Never!— lebih baik dirinya jomblo seumur hidup dibanding harus menikah dengan pria yang dibencinya.

“Kenapa? Kamu nggak takut hamil?!”

“Nggak apa-apa hamil di luar nikah. Siapa tahu saya bakalan dicoret dari Kartu Keluarga. Kalau beneran kejadian, nanti Bapak, saya traktir mie ayam grobakan depan kampus.”

Baru kali ini Kamarudin menemukan wanita seperti Anya. Perempuan itu sama sekali tidak takut didepak oleh keluarganya. Alih-Alih takut, Anya malah tampak senang dimatanya ketika membayangkan dirinya diusir.

“Saya tetap akan bertang..”

Ceklek..

Pintu kamar terbuka menampilkan sesosok wanita paruh baya.

“Aaaakk! Kamarudin! Apa yang kamu lakukan dengan anak gadis orang?!”

Kamarudin mengerjapkan matanya berulang kali. Ibunya— Ia tidak salah lihat. Wanita yang berdiri pada ambang pintu itu merupakan sosok yang telah melahirkannya ke dunia. Kanjeng Nyai Ratu Miranti Hasan, si pemilik tatanan surya dan seisi jagat raya.

“Pakai sempak dan pakaian kamu, Kamarudin! Mama tunggu di ruang tamu!” bentak Miranti membuat Kamarudin menyadari ketelanjangannya.

Shit!

“Kamu mengumpati Ibu, Kamaru?”

“Bu-Bukan, Bu. Kamaru..”

 “Hais, diam!” potong Miranti. “Kamu juga young lady, kenakan pakaian kamu dengan segera!” tunjuk Miranti pada Anya yang terlihat layaknya penonton penonton bayaran yang pasif.

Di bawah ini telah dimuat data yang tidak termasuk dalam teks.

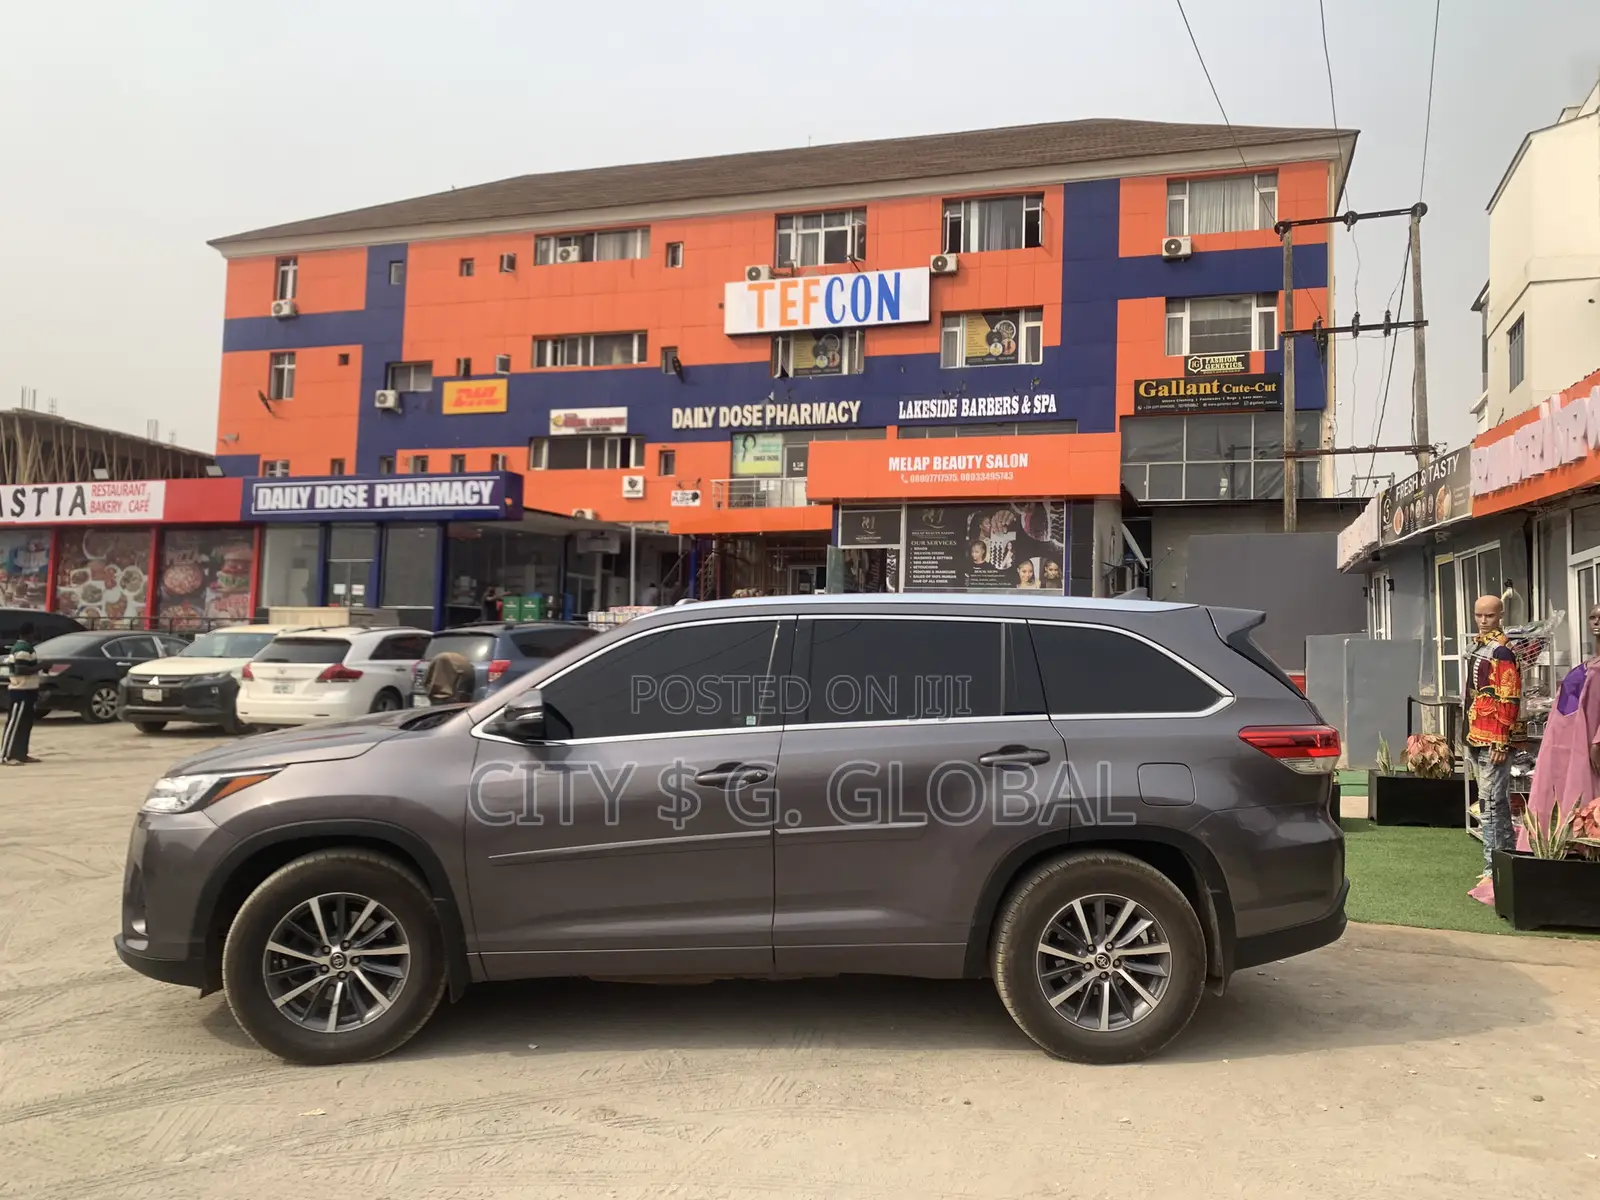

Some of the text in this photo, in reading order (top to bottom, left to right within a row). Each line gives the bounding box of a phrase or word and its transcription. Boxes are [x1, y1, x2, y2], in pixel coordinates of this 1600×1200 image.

[747, 271, 901, 329] TEFCON
[1205, 356, 1238, 364] FASHION
[1205, 361, 1243, 370] GENETICS
[1138, 378, 1277, 398] Gallant Cute-Cut
[672, 400, 861, 429] DAILY DOSE PHARMACY
[898, 393, 1057, 420] LAKESIDE BARBERS & SPA
[888, 452, 1029, 472] MELAP BEAUTY SALON
[1395, 453, 1460, 502] FRESH & TASTY
[91, 483, 147, 497] RESTAURANT
[257, 480, 494, 511] DAILY DOSE PHARMACY
[90, 497, 150, 513] BAKERY CAFÉ

“Loh, kok saya juga, Bu?!” beo Anya.

“Ya karena kamu yang sekarang ada di atas ranjang anak saya!”

Brak!!

Pintu lantas dibanting keras dari luar.

“Anya pakai pakaian kamu. Cepat! Kalau tidak, daun telinga kamu bisa putus dijewer sama Ibu saya.”

“itu Mamanya, Pak Udin?!”

“Iya, Anya!” geram Kamarudin.

“Kok nggak mirip? Bohongan ah! Jangan ngaku-ngaku deh, Pak. Ada pasalnya loh sekarang. Masuk ke penipuan…”

“Saya mirip, Bapak saya! Puas kamu?! Cepatlah! Ibu saya mantan dukun santet online. Mau kamu disantet jadi teripang?!”

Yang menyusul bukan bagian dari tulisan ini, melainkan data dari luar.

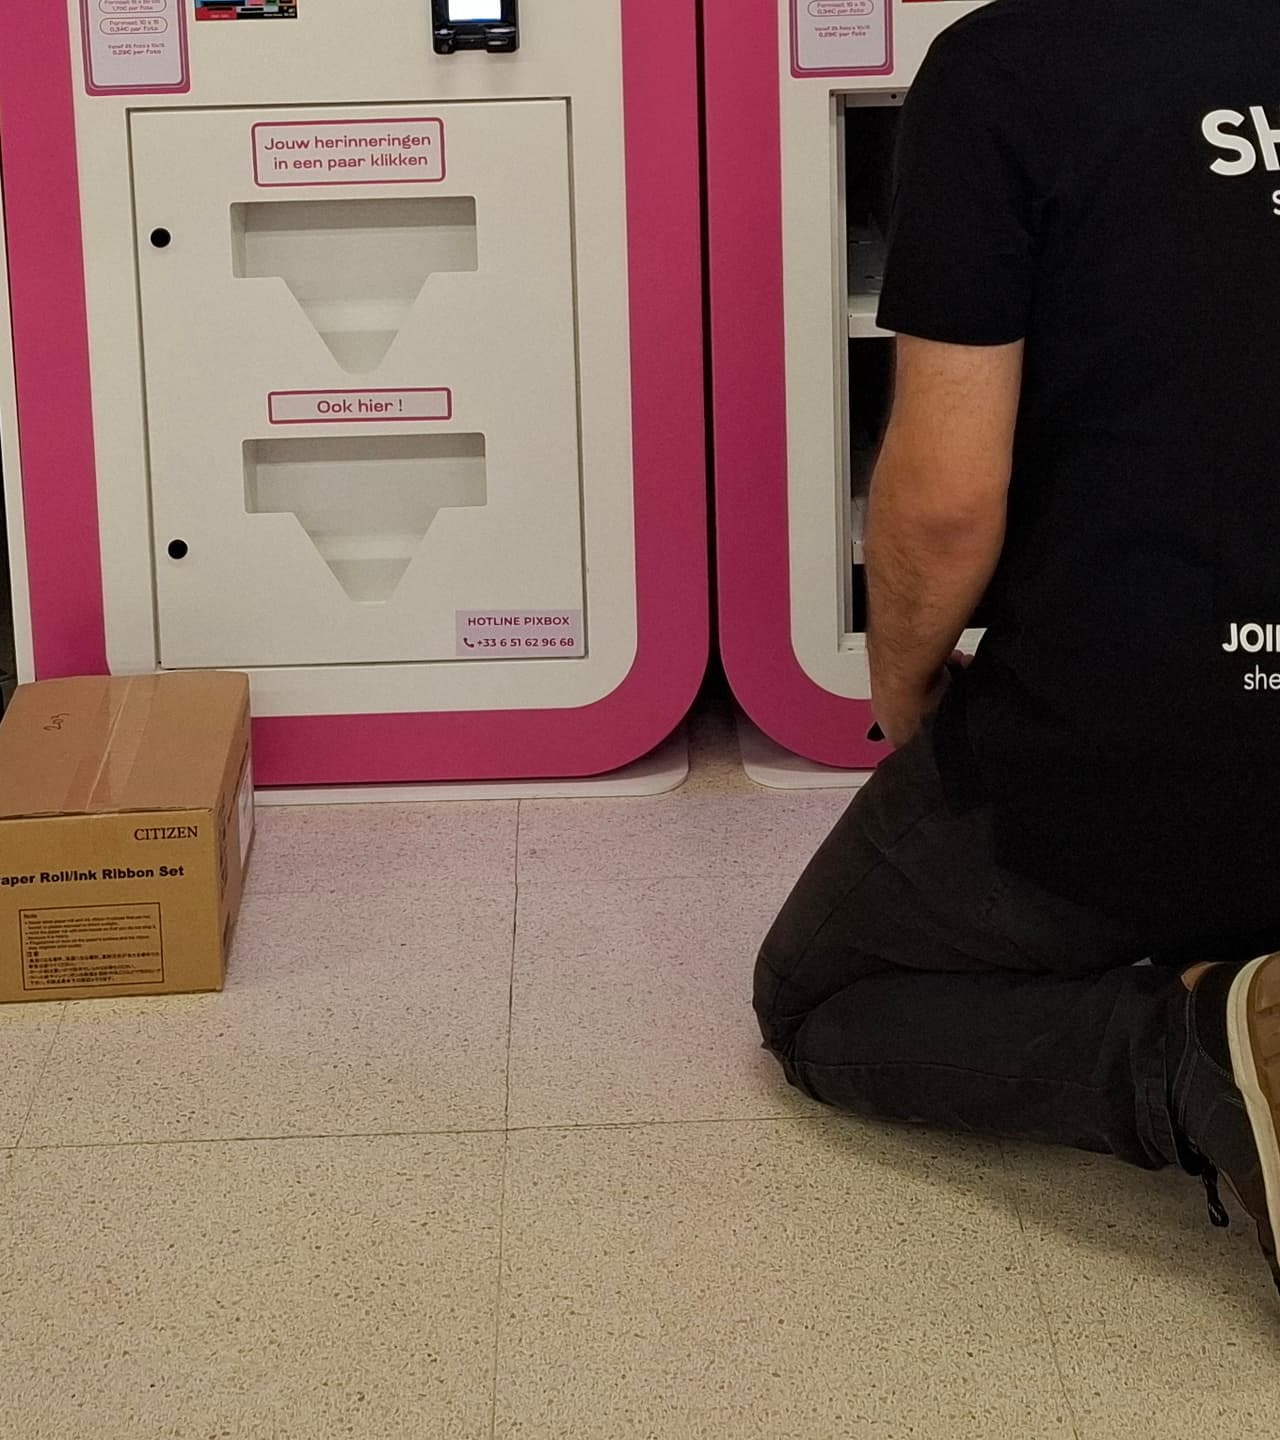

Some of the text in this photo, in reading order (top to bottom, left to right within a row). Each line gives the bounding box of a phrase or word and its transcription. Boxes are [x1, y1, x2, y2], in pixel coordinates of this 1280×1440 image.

[265, 133, 431, 152] Jouw herinneringen
[273, 152, 428, 172] in een paar klikken
[317, 398, 394, 414] Ook hier
[468, 616, 570, 626] HOTLINE PIXBOX
[477, 638, 574, 648] +33 6 51 62 96 68
[134, 826, 199, 841] CITIZEN
[40, 870, 98, 884] Roll/Ink
[102, 867, 154, 881] Ribbon
[159, 865, 185, 877] Set

“Sumpah, Pak? Masih bisa nyantet nggak? Saya mau pake jasanya buat dikirim ke ibu tiri saya..”

Kamarudin meremas rambutnya. Ia menyandarkan tubuhnya pada lemari untuk membentur-benturkan kepalanya disana. Seluruh tubuhnya melemas. Ia lupa jika Anya adalah mahasiswi yang kerap membuat saraf-saraf dikepalanya hampir putus.

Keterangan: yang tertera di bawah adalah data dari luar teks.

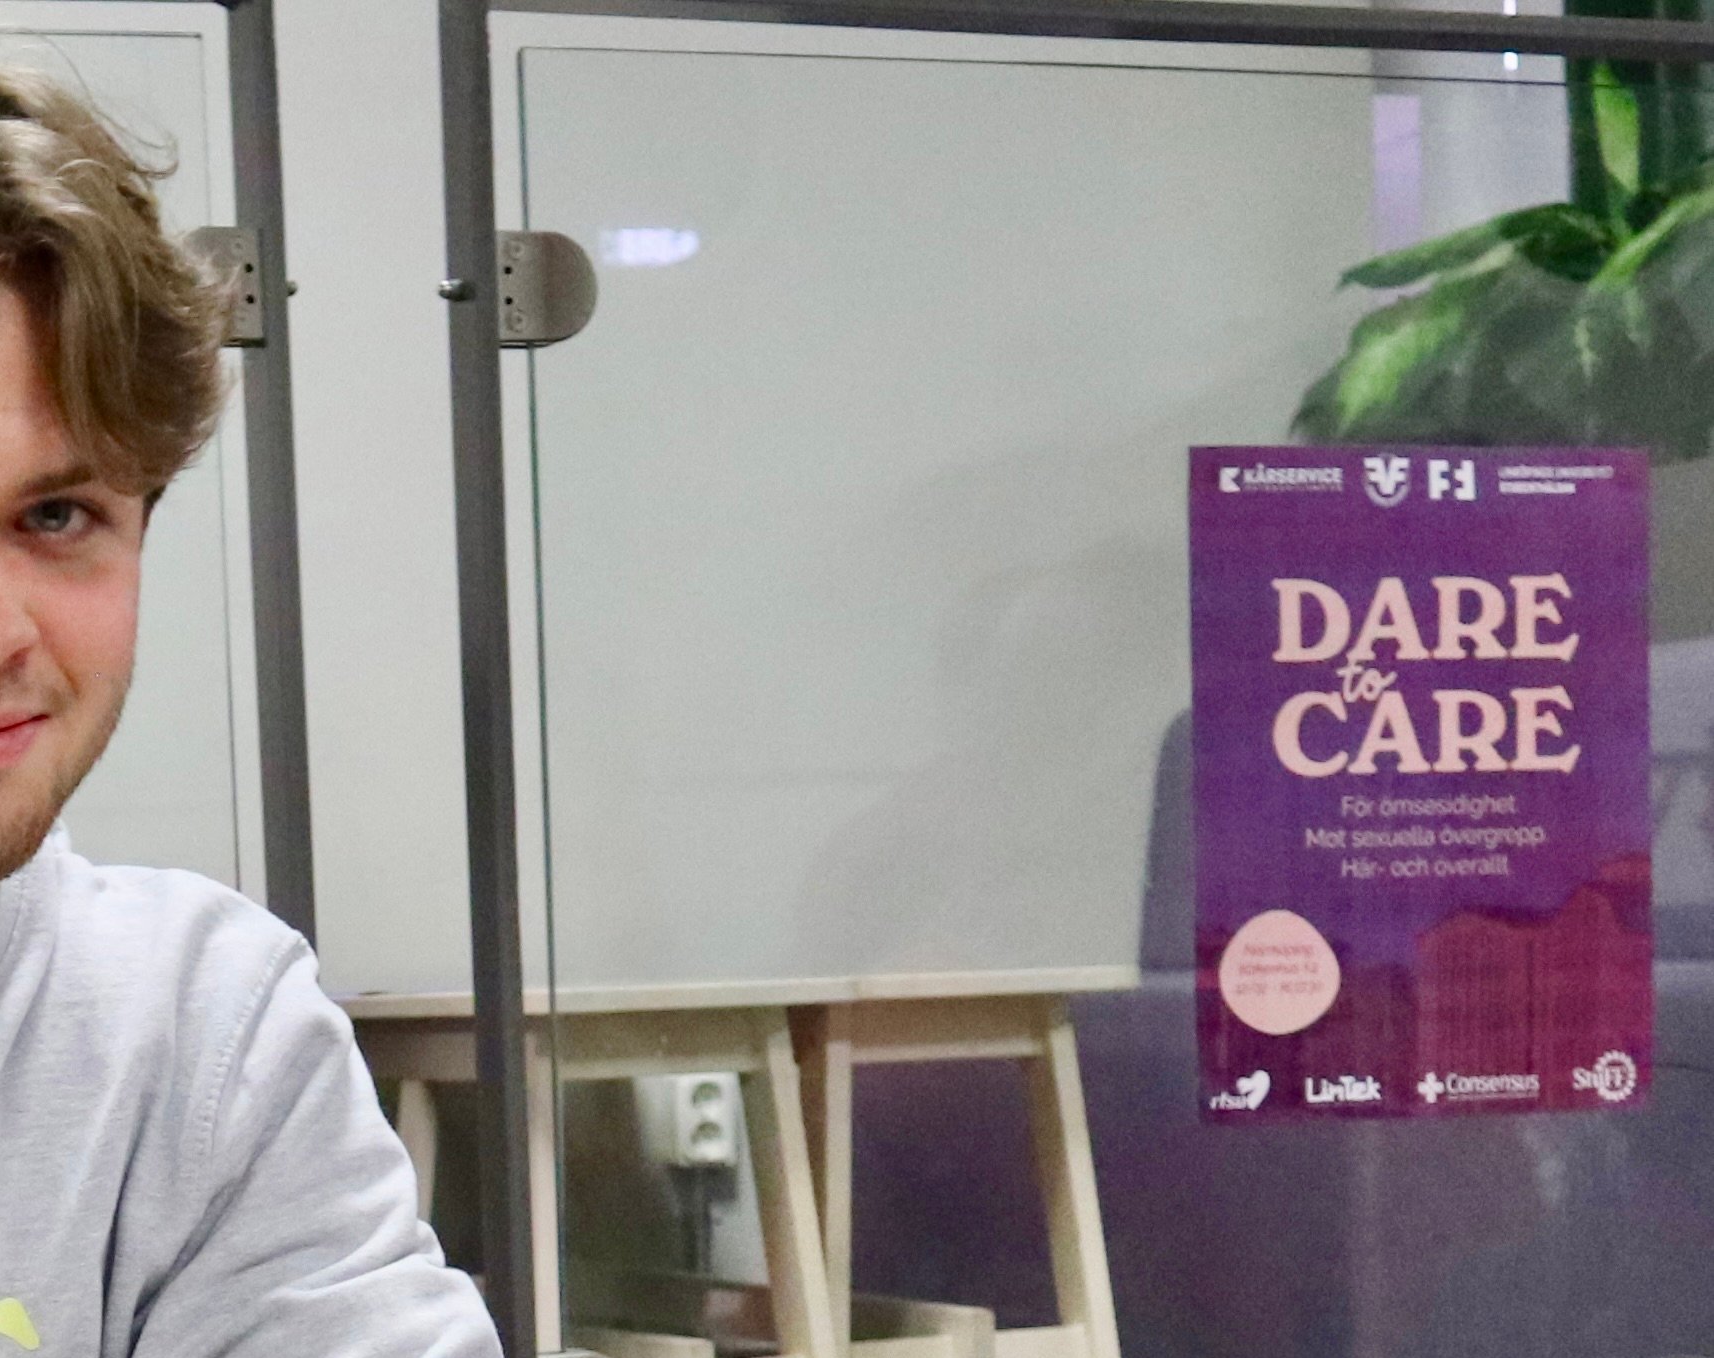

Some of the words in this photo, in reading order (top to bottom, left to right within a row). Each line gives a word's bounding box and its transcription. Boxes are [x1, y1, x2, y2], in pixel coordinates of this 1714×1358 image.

[1271, 572, 1580, 663] DARE
[1336, 658, 1398, 701] to
[1272, 685, 1581, 777] CARE
[1341, 795, 1375, 817] För
[1305, 827, 1346, 848] Mot
[1390, 858, 1430, 878] och
[1304, 1074, 1382, 1104] LinTek
[1445, 1072, 1540, 1094] Consensus

“Seharusnya semalam saya tidak bertemu kamu, Anya!” lirih Kamarudin, tragis. Paginya tidak hanya ramai, tapi juga menjengkelkan.

.

.

“Duduk kalian berdua!” titah Miranti.

Kamarudin sungguh sangat menyesal. Mengapa di usianya yang sebentar lagi menyentuh angka 35, dirinya tetap diperlakukan layaknya anak kecil oleh sang ibu. Ia lupa jika ibunya akan selalu bertandang ke apartemennya untuk mengantarkan sarapan.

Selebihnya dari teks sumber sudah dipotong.